DATA FOR REVIEW: Begin

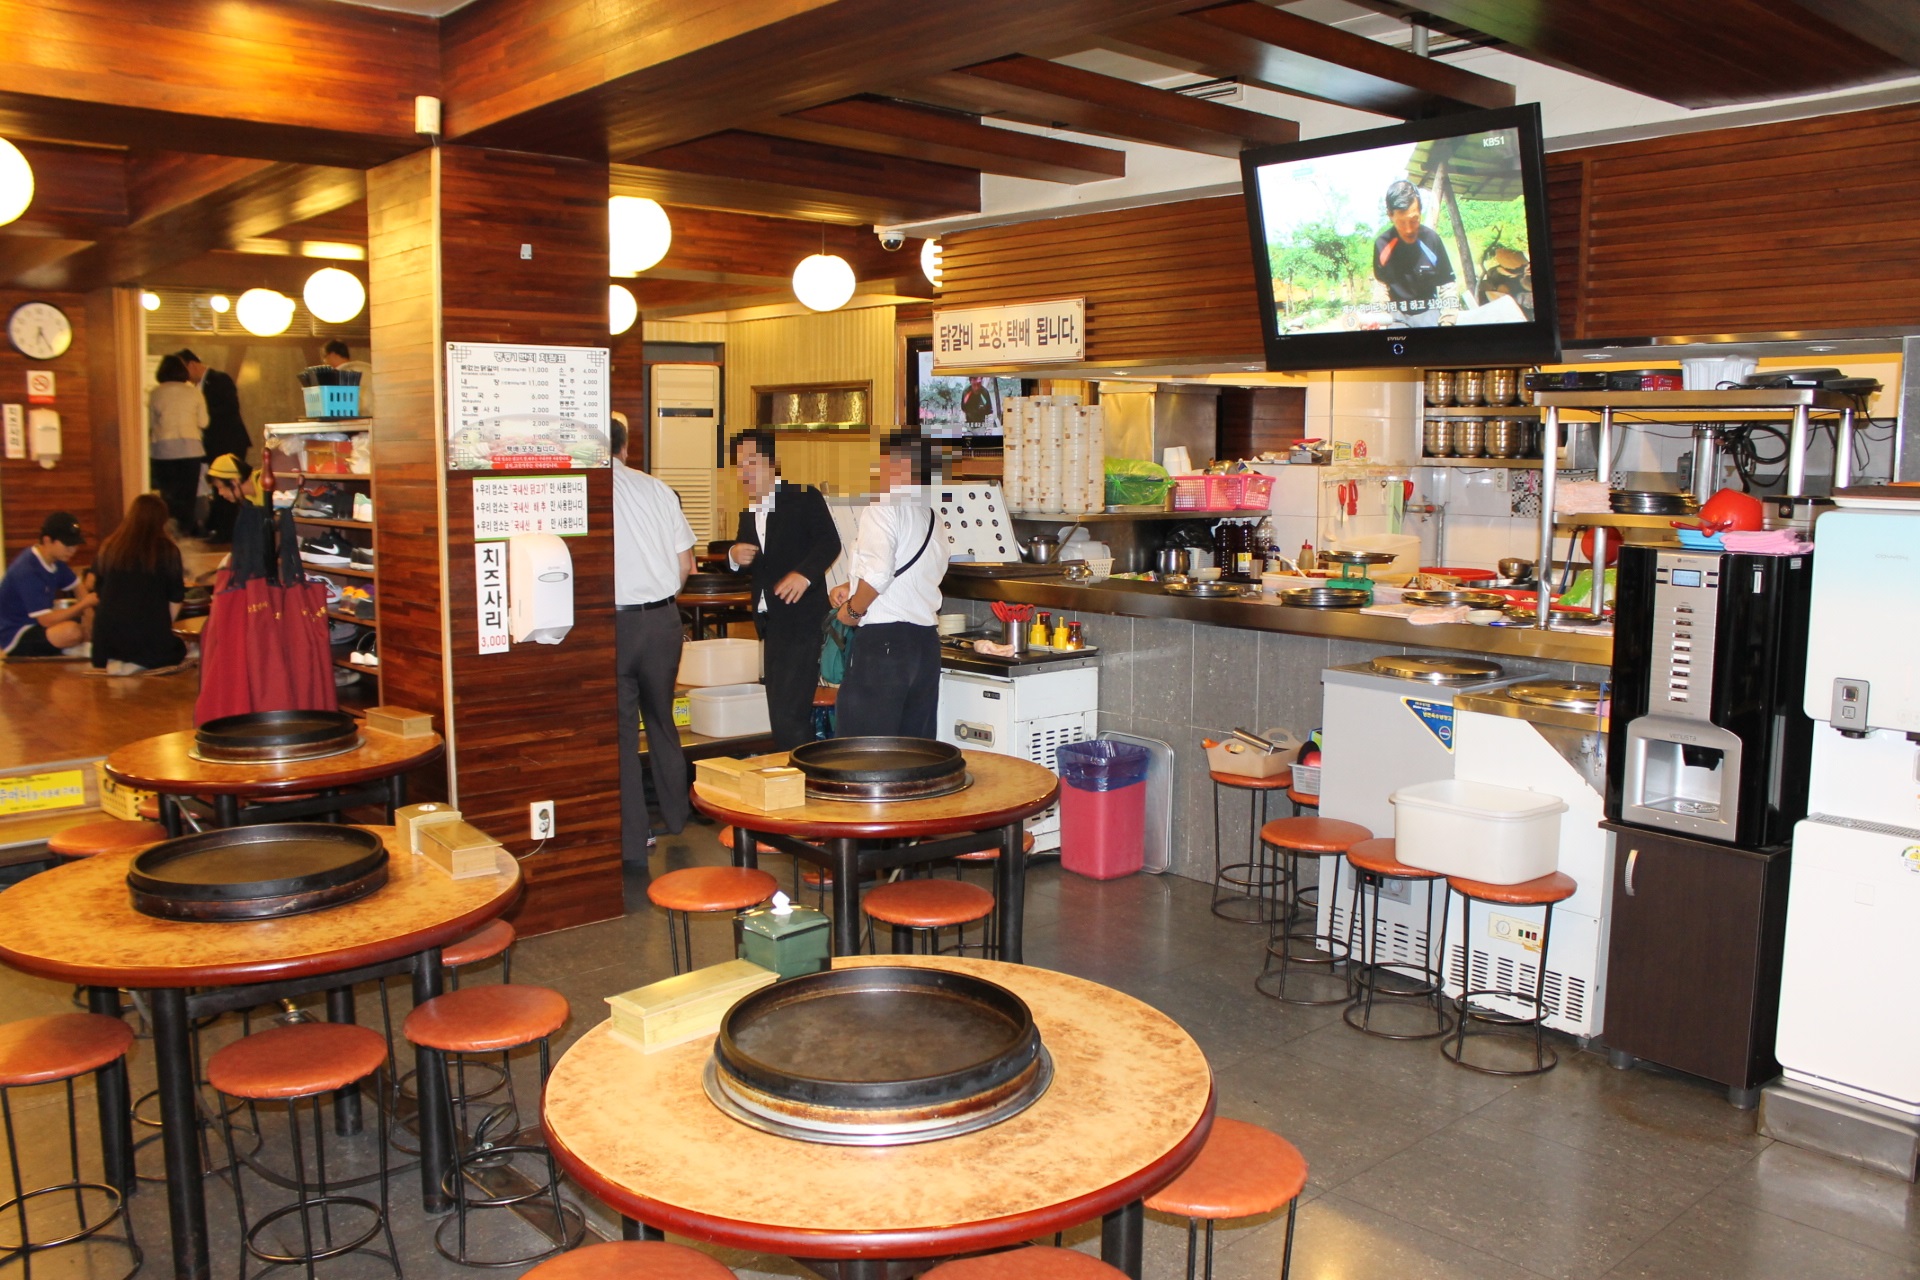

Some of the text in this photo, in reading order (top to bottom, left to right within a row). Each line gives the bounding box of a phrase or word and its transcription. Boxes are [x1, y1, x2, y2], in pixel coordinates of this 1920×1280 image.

[1483, 136, 1504, 147] KBS1
[1410, 299, 1426, 310] 하고
[940, 322, 973, 352] 닭갈비
[1036, 314, 1078, 346] 됩니다.
[480, 484, 490, 495] 우리
[492, 484, 508, 495] 업소는
[480, 502, 491, 514] 우리
[493, 502, 509, 514] 업소는
[481, 520, 491, 532] 우리
[494, 520, 510, 532] 업소는
[483, 548, 502, 629] 치즈사리
[481, 635, 507, 648] 3,000
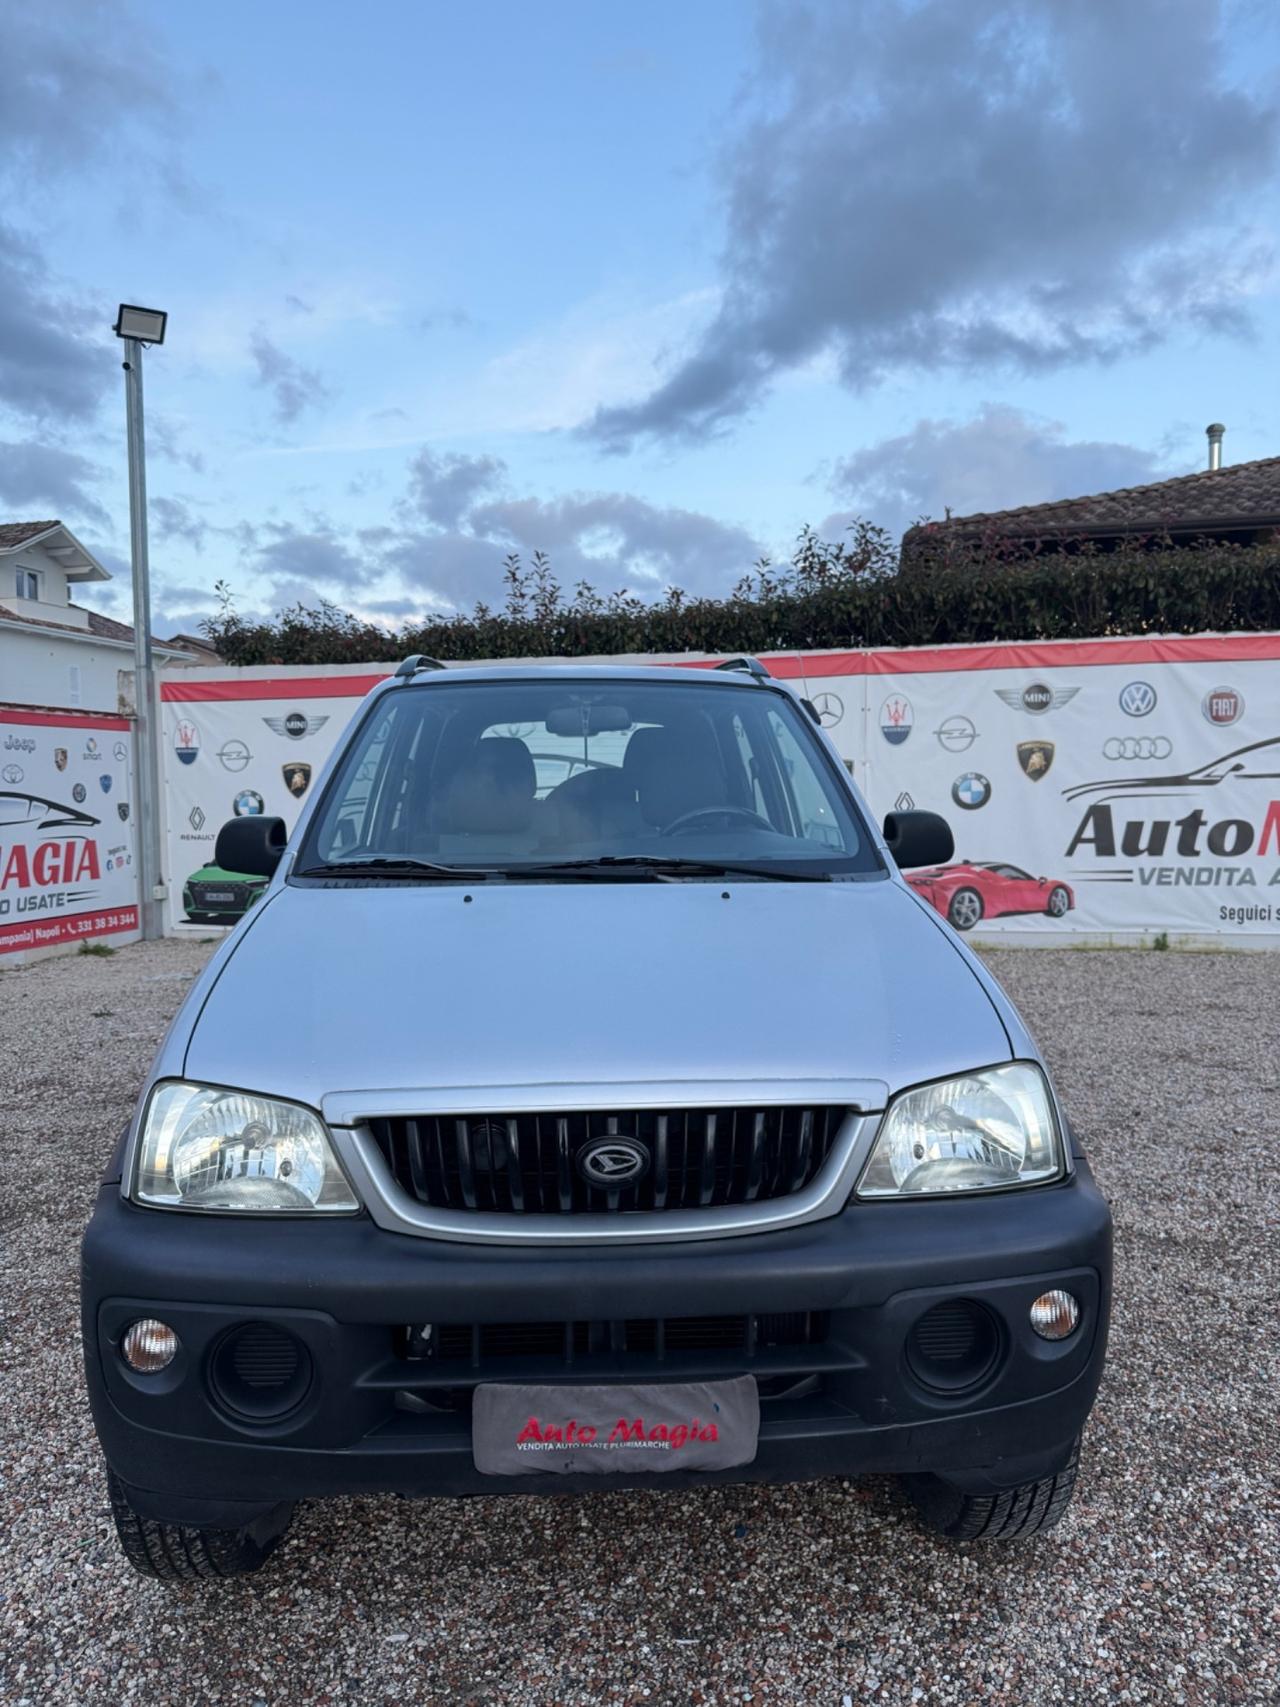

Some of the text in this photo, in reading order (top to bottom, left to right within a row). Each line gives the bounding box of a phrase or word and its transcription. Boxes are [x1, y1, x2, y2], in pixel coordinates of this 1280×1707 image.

[1025, 692, 1050, 703] MINI
[1212, 699, 1236, 716] FIAT
[4, 734, 36, 754] Jeep
[0, 839, 100, 891] AGIA
[1138, 867, 1257, 886] VENDITA
[17, 892, 65, 913] USATE
[1219, 904, 1272, 925] Seguici
[35, 925, 60, 940] Napoli
[78, 920, 92, 932] 331
[517, 1416, 719, 1449] Auto Magia
[516, 1442, 554, 1451] VENDITA
[555, 1442, 580, 1450] AUTO
[610, 1440, 670, 1450] PLURIMARCHE

DATA FOR REVIEW: End

BRIEF: The answer should be exactly the lines from the one that contains "this 1280×1707 image." through the end of the entries, both ends included, and nothing besides.

RESULT OF THE TASK:
Some of the text in this photo, in reading order (top to bottom, left to right within a row). Each line gives the bounding box of a phrase or word and its transcription. Boxes are [x1, y1, x2, y2], in pixel coordinates of this 1280×1707 image.

[1025, 692, 1050, 703] MINI
[1212, 699, 1236, 716] FIAT
[4, 734, 36, 754] Jeep
[0, 839, 100, 891] AGIA
[1138, 867, 1257, 886] VENDITA
[17, 892, 65, 913] USATE
[1219, 904, 1272, 925] Seguici
[35, 925, 60, 940] Napoli
[78, 920, 92, 932] 331
[517, 1416, 719, 1449] Auto Magia
[516, 1442, 554, 1451] VENDITA
[555, 1442, 580, 1450] AUTO
[610, 1440, 670, 1450] PLURIMARCHE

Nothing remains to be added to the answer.